In December 1996, Alan Greenspan gave his warning that Wall Street was showing “irrational exuberance”. Even at the time, it was noted that Wall Street shrugged off the warning, although it came from the Chairman of the Federal Reserve Board. However, I wrote a piece about it in The Times, which was given the prescient heading “Wall Street Will Crash”. That article was published on December 12th, which now seems an age ago.

I quoted an American analyst, Michael Belkin, in support of my argument. He had observed that “by most traditional yardsticks, the U.S. market is exceedingly overvalued. I recently unearthed excellent dividend yield data going back to 1871 in the National Bureau of Economic Research database. The current 2 per cent dividend yield is the lowest in 125 years (the average is 4.5 per cent)”.

When I was writing, the Dow Jones industrial average stood at 6,500, around its all time high. It has had extreme fluctuations in the last few weeks, but on historic yields it has not completed its correction. Since 1996 it has experienced two bear markets, the present one, and the crash of the dotcom bubble early in 2000. The present bear market is by no means over.
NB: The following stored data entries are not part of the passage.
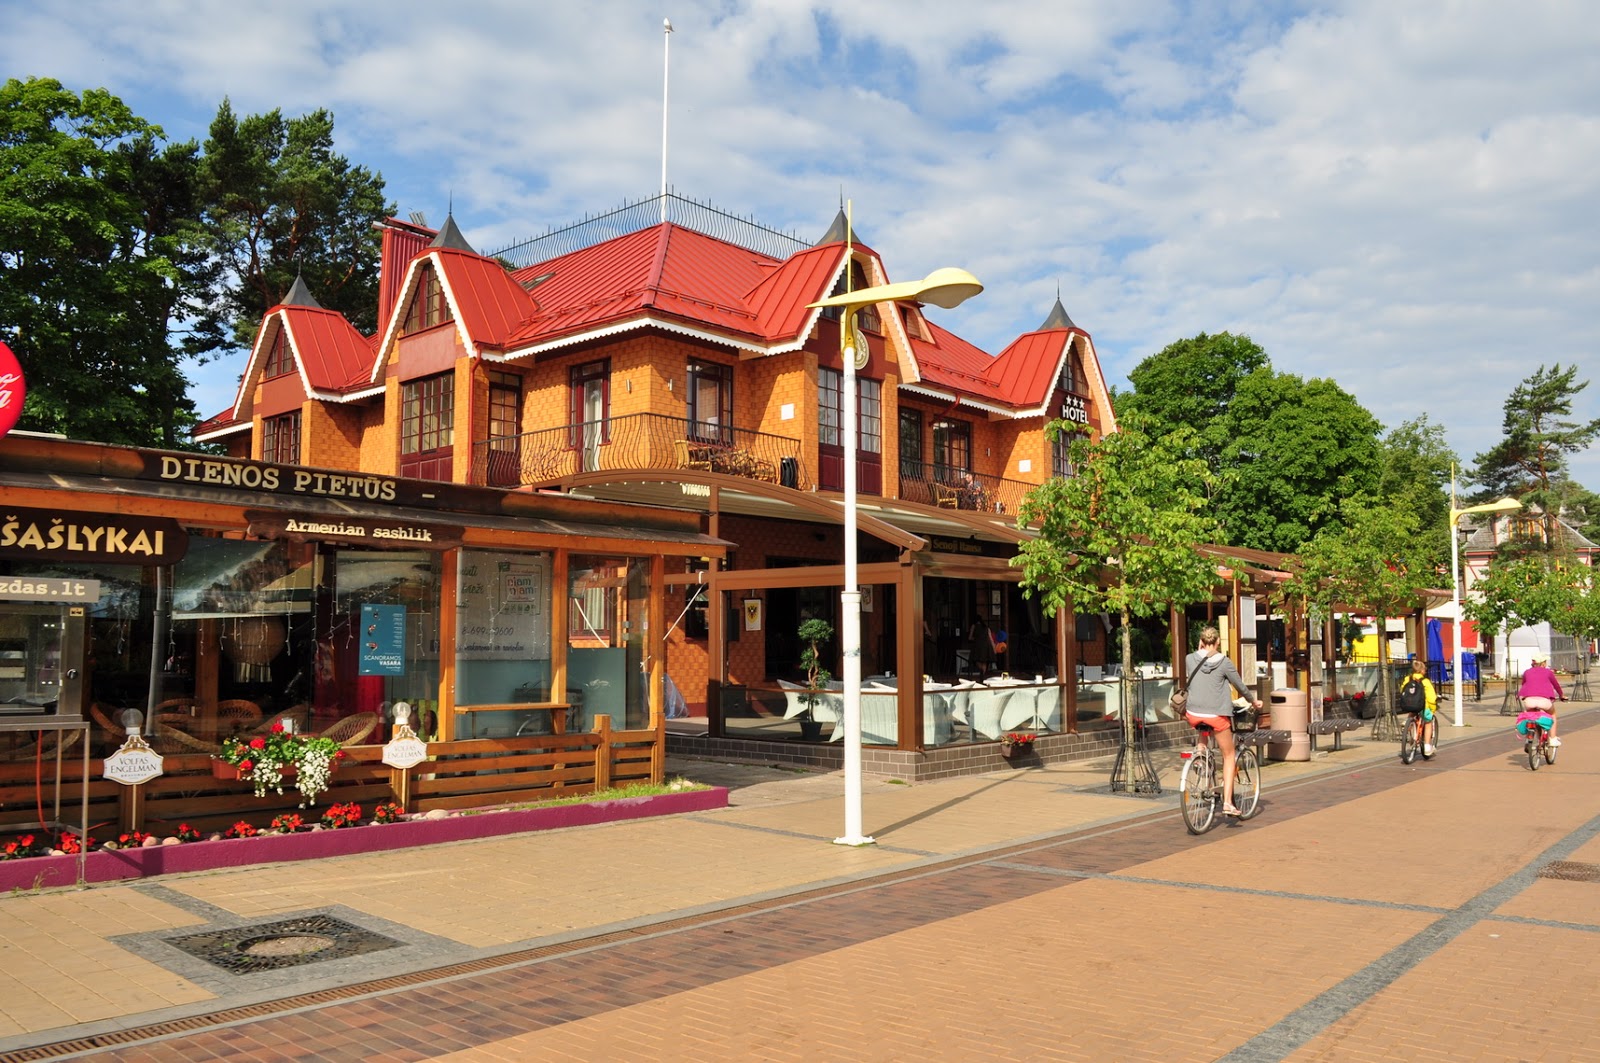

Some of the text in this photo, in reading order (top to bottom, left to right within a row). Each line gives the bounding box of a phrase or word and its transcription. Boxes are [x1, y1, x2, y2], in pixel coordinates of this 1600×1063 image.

[1062, 405, 1089, 425] HOTEL
[160, 456, 280, 489] DIENOS
[293, 470, 396, 500] PIETŪS
[1, 515, 164, 556] ŠAŠLYKAI
[286, 519, 432, 542] Armenian sashlik
[110, 763, 157, 773] ENGELMAN
[120, 757, 148, 765] VOLFAS
The average period of bear markets in the 125 years before 1996 was surprisingly long. Even if one excludes the 18 year bear market from 1899 to 1917, on the grounds that it was distorted by the threat of war before 1917, the average length of bear markets, up to 1996, was about five years. In these bear markets the dividend yield could go very high: in 1873, at the beginning of General Grant’s second term, the dividend yield reached 8.5 per cent; in 1917, the year that the United States entered the First World War, the yield peaked at 9.3 per cent; in 1932, the slump year in which Franklin Roosevelt was elected President, it reached 9.6 per cent; Pearl Harbour took it to 9.5 per cent. The recession of 1982 – a nasty one – only saw the dividend yield got to 6.2 per cent.

These figures cannot be made the basis for any remotely reliable forecast, but they do suggest two conclusions. The first is that the bear market on Wall Street is entirely likely to last for as long as five years. Of course, the recession in the economy could be shorter, though there is no guarantee of that. The second is that we may have to expect a relatively long period of high dividend yields and high price-earnings ratios.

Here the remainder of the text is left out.